PROBLEM DETAILS -
What is needed is an exact retyping of each entry, pictures excluded.

DATA FOR ANALYSIS -
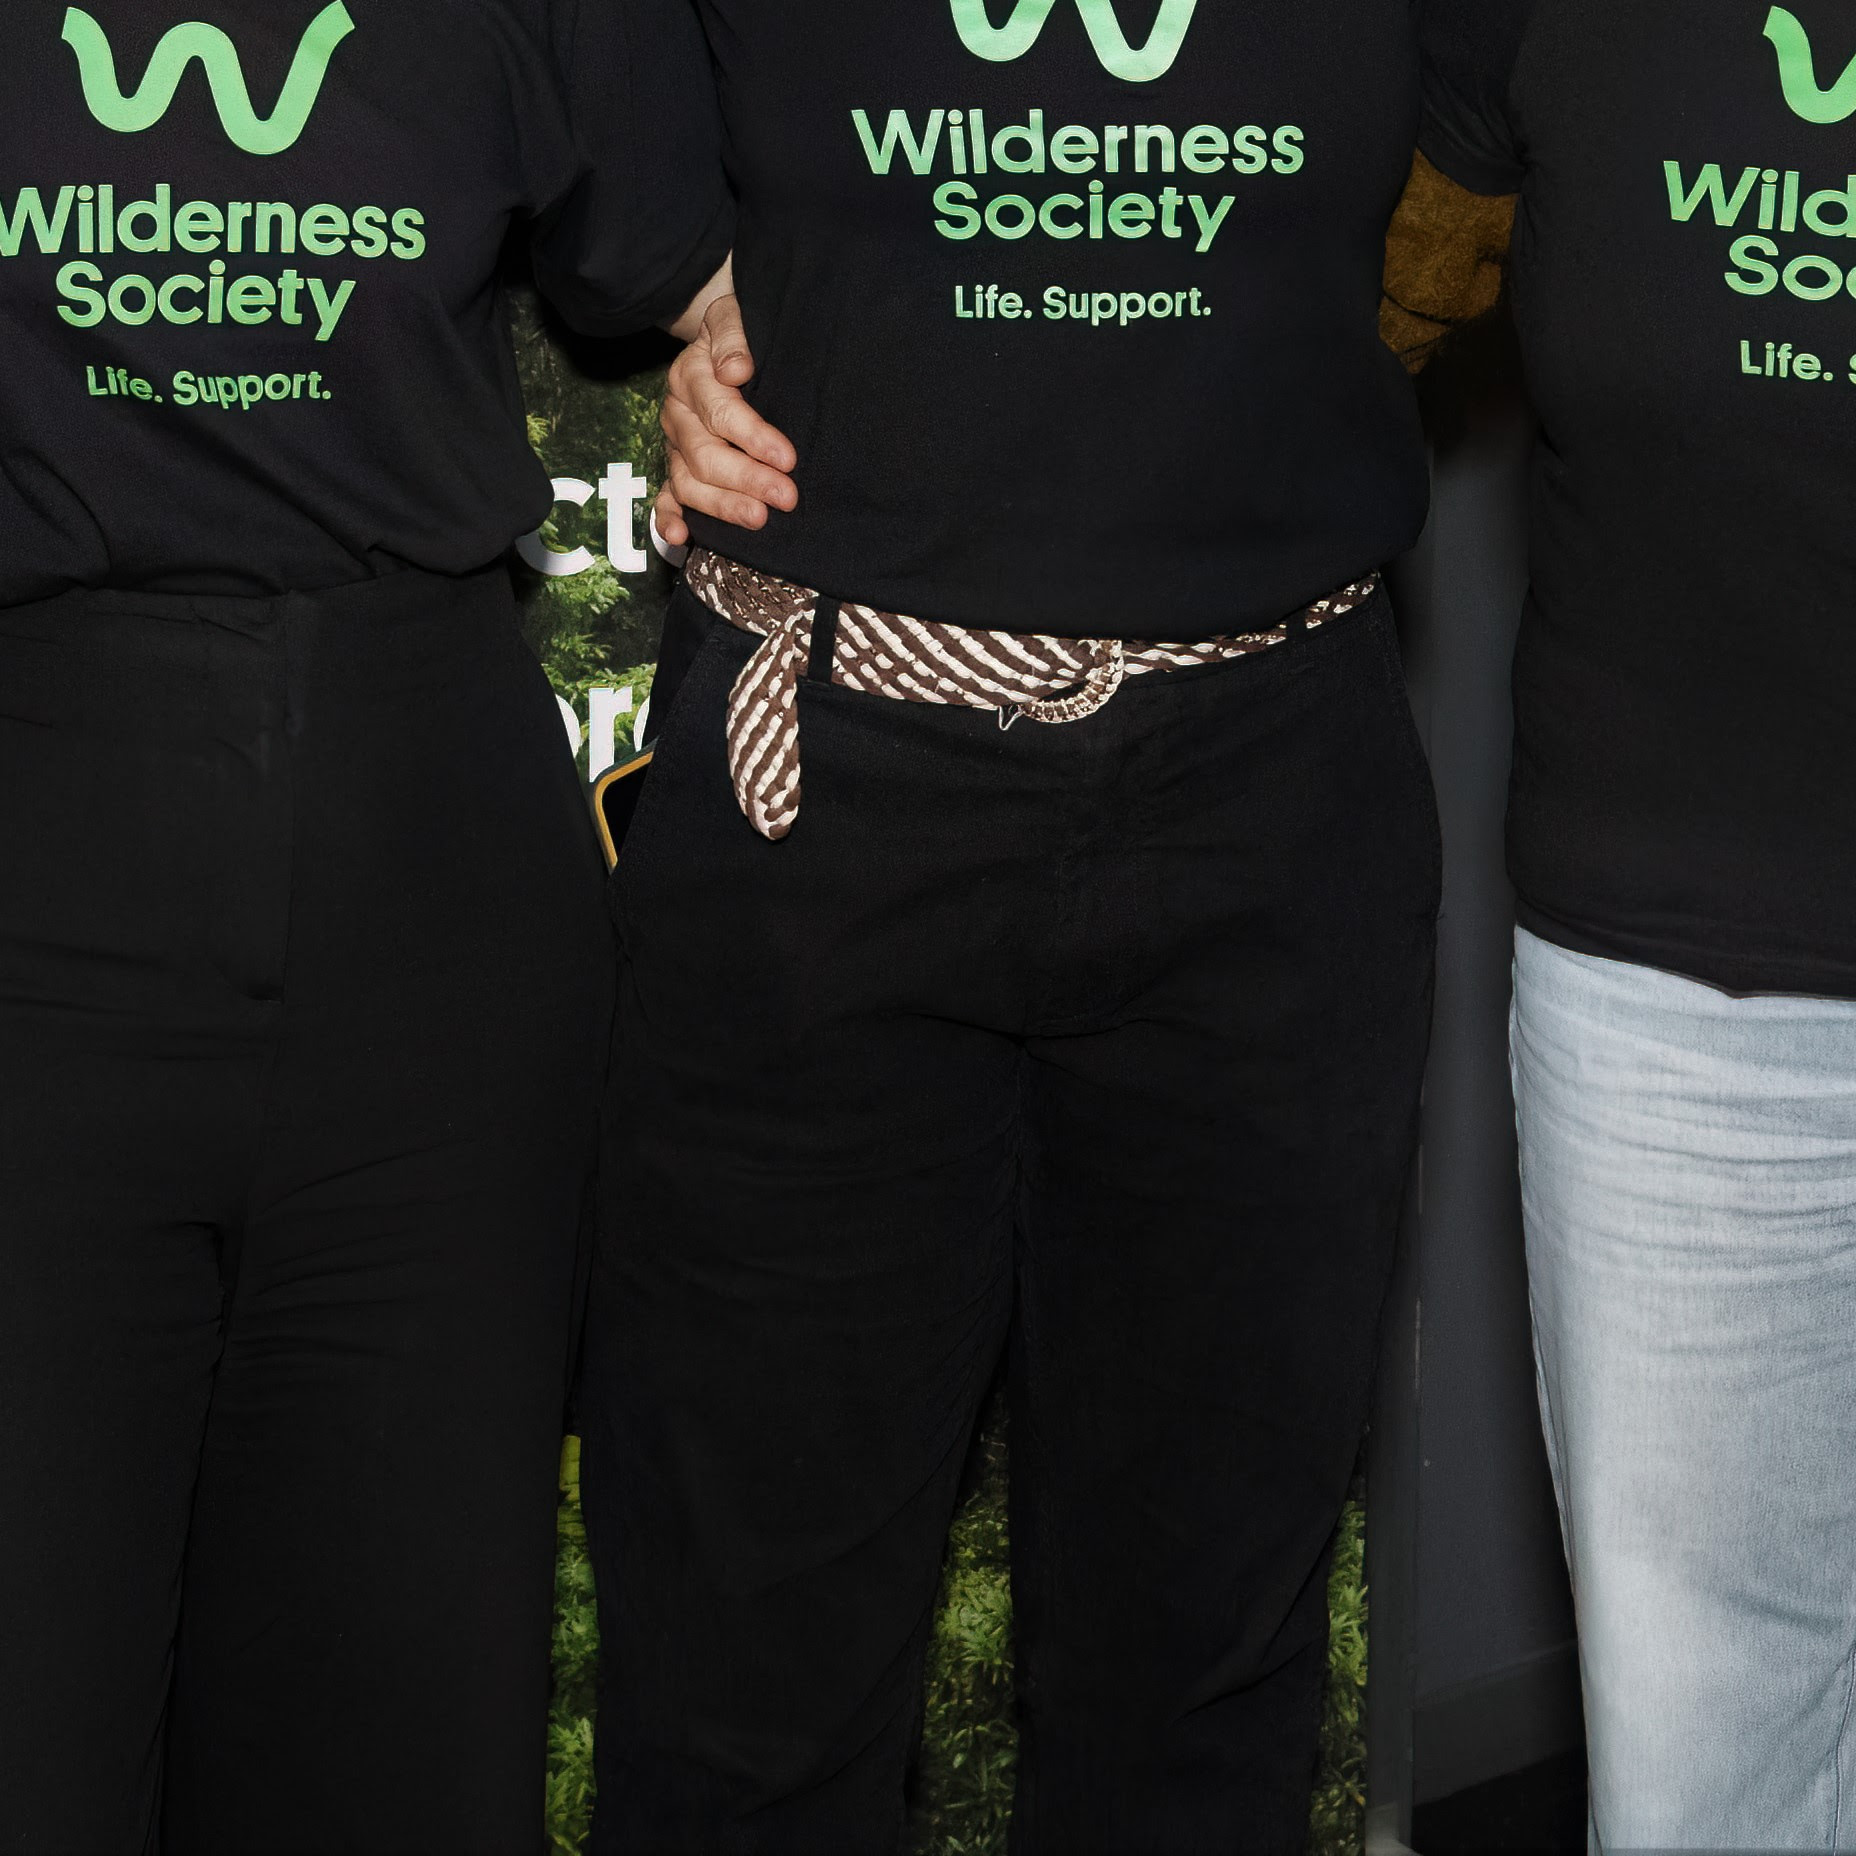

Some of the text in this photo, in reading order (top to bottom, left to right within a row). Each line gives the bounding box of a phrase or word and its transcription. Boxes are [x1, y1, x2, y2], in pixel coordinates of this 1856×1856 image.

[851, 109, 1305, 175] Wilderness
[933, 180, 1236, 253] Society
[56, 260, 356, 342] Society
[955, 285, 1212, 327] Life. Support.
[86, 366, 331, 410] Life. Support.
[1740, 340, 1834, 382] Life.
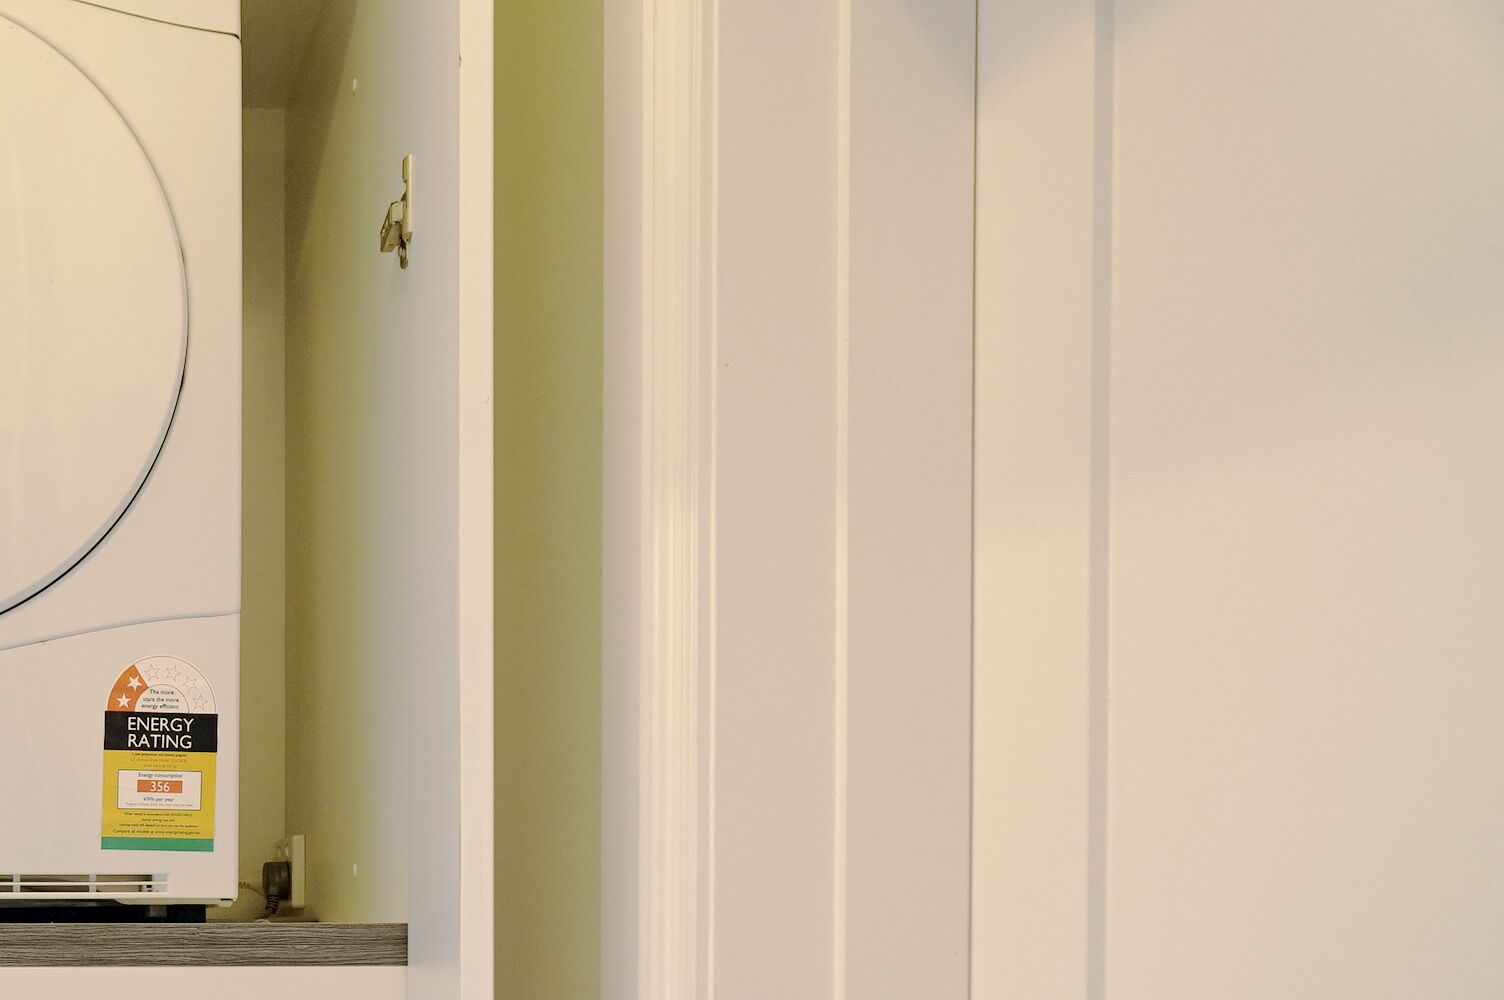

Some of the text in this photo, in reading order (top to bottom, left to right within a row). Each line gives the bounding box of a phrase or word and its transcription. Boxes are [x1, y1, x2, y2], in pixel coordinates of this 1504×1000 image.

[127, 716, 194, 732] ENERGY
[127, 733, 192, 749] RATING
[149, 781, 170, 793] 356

TASK SOLUTION -
Some of the text in this photo, in reading order (top to bottom, left to right within a row). Each line gives the bounding box of a phrase or word and its transcription. Boxes are [x1, y1, x2, y2], in pixel coordinates of this 1856×1856 image.

[851, 109, 1305, 175] Wilderness
[933, 180, 1236, 253] Society
[56, 260, 356, 342] Society
[955, 285, 1212, 327] Life. Support.
[86, 366, 331, 410] Life. Support.
[1740, 340, 1834, 382] Life.

Some of the text in this photo, in reading order (top to bottom, left to right within a row). Each line gives the bounding box of a phrase or word and its transcription. Boxes are [x1, y1, x2, y2], in pixel coordinates of this 1504×1000 image.

[127, 716, 194, 732] ENERGY
[127, 733, 192, 749] RATING
[149, 781, 170, 793] 356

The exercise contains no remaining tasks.